喧嘩三昧の毎日から、禅道会に入門
今回、記事に取り上げるのは禅道会・横浜支部の増田一樹。長野県諏訪市出身の彼は中学校一年生の時から、禅道会で稽古をしていたそうだ。ずいぶん早い入門だが、その理由を訊ねると、こんな答えが返ってきた。
「きっかけは小学校の低学年の時に上級生から虐めにあっていたことです。子ども心にそれが嫌でならなかったのですが、その当時、学校のクラスで戦いごっこが流行っていたのです。その中では自分が強かったんですね。次第に自信がついていって、虐めてきた上級生に対しても強気に出たら、ピタッと止まりました。そのあたりから、腕力至上主義になっていき、中学一年の頃は他校の生徒とも喧嘩をしていました。そんな調子で素行が悪かったので、学校から親を呼ばれたのです。そこで「武道でもやって、気持ちを改めろ」ということになり、禅道会諏訪支部に入門しました。無理矢理、やらされたわけではなかったので、すぐにでも入門したいという感じでした」
それが中学一年の終わりごろ。入門して楽しかったのは、スパーリングだったと言う。戦いごっこの延長戦でそれができるということでどっぷりはまってしまったのである。それまでは自己流でやっていたから、構えも無茶苦茶。技術も何もない。それを基本からしっかり学んだことで、自分でも強くなっていくのが分かったそうだ。そして、学校の戦いごっこでは勝てない相手がいたが、空手を始めて半年ぐらいに挑戦したところ、あっさり勝ってしまい、自信を深めることができたと言う。さらに、初めて出場した少年部の大会でいきなり準優勝である。
「図に乗って天狗になってしまったんですね。そして、『自分は強い』という気持ちから地元で喧嘩が強いという年長者に挑戦したのです。ところが相手にならずやられてしまいました。最後は謝って止めてもらいました。相手は高校生で自分は中学三年の頃。体力的な問題があったにせよ、自分が一番強いと思っていたので、悔しくて泣いたことを今でも覚えています」
結果が良いとか悪いとかは別にして、稽古していることは実際の喧嘩では通用しないと、諦めてもおかしくはない。しかし、本人曰く「禅道会の稽古そのものが実戦的だったので、喧嘩に負けたからといって、やめる気持ちは一つもありませんでした」
他団体の大会で負けた相手に勝利を挙げる
それよりも悔しくて、稽古に臨むきっかけとなったのは二回目の少年部の大会で同期と対戦してポイント負けしたことだった。
「自分は強い、試合でも勝てると思っていたので、負けたことが悔しくてならなかったです。勝つためには練習量を増やすしかないと考えました。当時の少年部は一般部の稽古には参加できなかったのですが、支部長も自分の気持ちを汲み取ってくれて稽古に出てもいいと言ってくれました」
その後、増田は稽古に専念した。
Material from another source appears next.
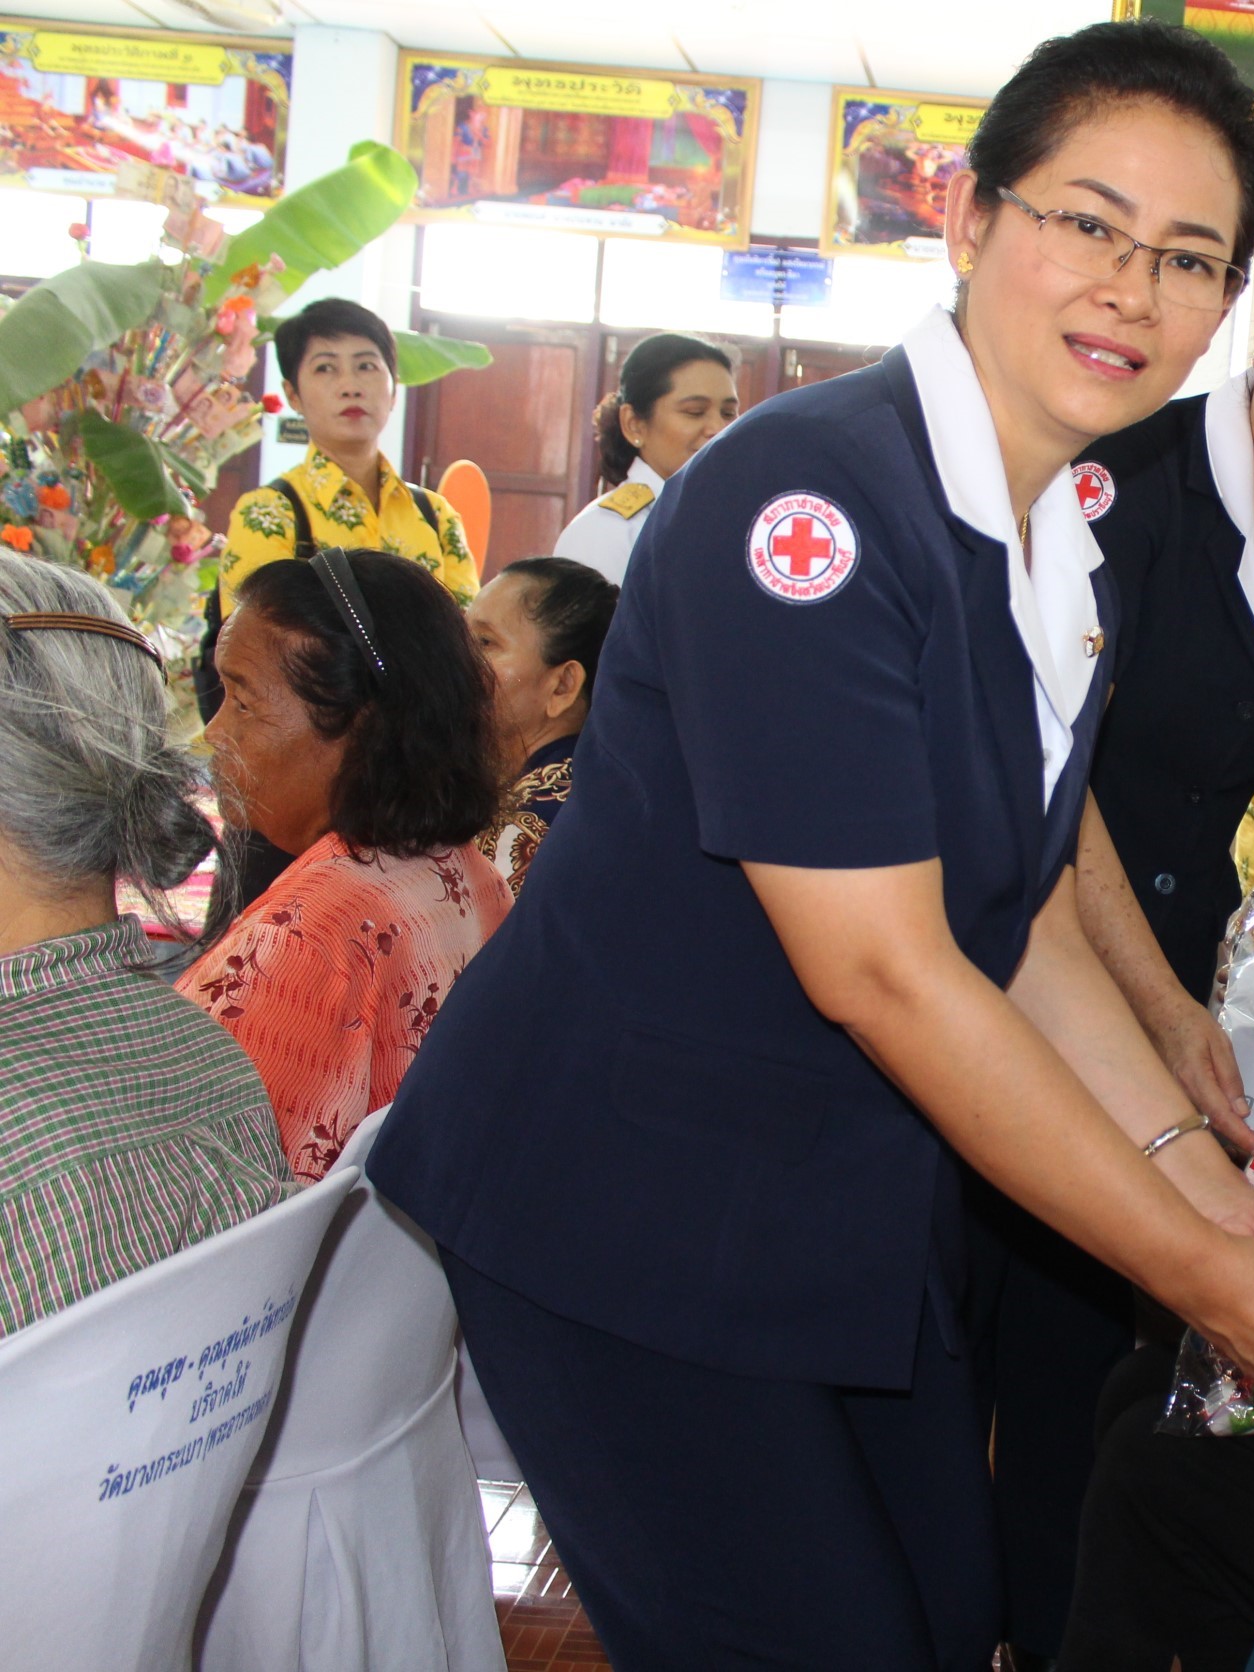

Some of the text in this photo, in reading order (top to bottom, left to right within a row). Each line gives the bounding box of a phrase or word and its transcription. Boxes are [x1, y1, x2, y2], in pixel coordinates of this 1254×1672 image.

[763, 497, 842, 527] สภากาชาดไทย
そして一年後、彼は他団体主催の大会に出場する。彼が負けた相手も別支部から出場しており、互いに決勝戦まで勝ち上がった。リベンジマッチだったが、ここで勝利を挙げることができたのである。
「ものすごく嬉しかったことを覚えています。大会出場前から学校でも出ることを話しており、絶対に勝つ。優勝すると言っていたので勝ってまた、天狗になりました(笑)」
その後、高校生になった増田は少年部から一般部に入り、稽古内容は一気にハードになった。また、この当時、増田には自分を含めて四人の同年代の同期がいて、みんなが競争意識を持つようになっていた。他には絶対に負けたくないと、それこそ空手漬けの毎日になったのである。ちなみに、一般部になってから大会に出ると、周りは大人ばかりなので、初めの頃は一回戦を勝っても二回戦で負けるなど、簡単には勝てなくなってきた。
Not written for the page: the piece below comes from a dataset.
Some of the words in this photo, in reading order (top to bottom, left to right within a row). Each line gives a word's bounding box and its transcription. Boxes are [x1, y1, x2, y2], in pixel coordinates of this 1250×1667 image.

「天狗の鼻をへし折られましたが、大人に負けるものかと三か月に一回のペースで行われる試合に連続して出場し、徐々に勝率を挙げられるようになりました。ある大会でその同期のうちの一人と決勝で対戦したことがあります。この時はパンチをもらい、フラッシュダウンで倒れてしまい、審判の続行不可能の判定で負けてしまいました。自分ではまだできると思ったけど、目が泳いでいたため、レフリーに危険と判断されたのです」
様々な理由から空手から離れていた時期も
この当時、増田は16歳。体力もついて大人にも通用するという自信を深め、稽古に励んでいたが、三年生になって進路のことが対面したり、私生活でもいろいろあり、稽古に対する気持ちが冷めてしまった。今まではあれだけやっていた稽古も週一になったり、空手一辺倒の生活ではなくなってしまったのである。やがて、進路も決まり、渋谷にある柔道整復師の学校に入学した。その時、大畑支部長に上京すると話したところ、「だったら、うちにこないか」と言われ、横浜支部に移ることになったのである。その後は二十歳ぐらいまでは試合に出ていたが、それまでの空手漬けの毎日というより、体を動かしたいという程度の気持ちになっていたらしい。その後、柔道整復師の学校は一年で中退。改めて目指したのが彫り師である。とあるスタジオでスクールがあり、そこで一年ぐらい学んだ後、25歳で彫り師として独立した。ただ、それだけでは生活できないので、他のアルバイトをしながら二足の草鞋でやっていたそうだ。しかし、親からの要望もあり、彫り師は廃業。三十手前に鍼灸師の学校に入り、資格を取って、三十過ぎに再び空手に復帰したのである。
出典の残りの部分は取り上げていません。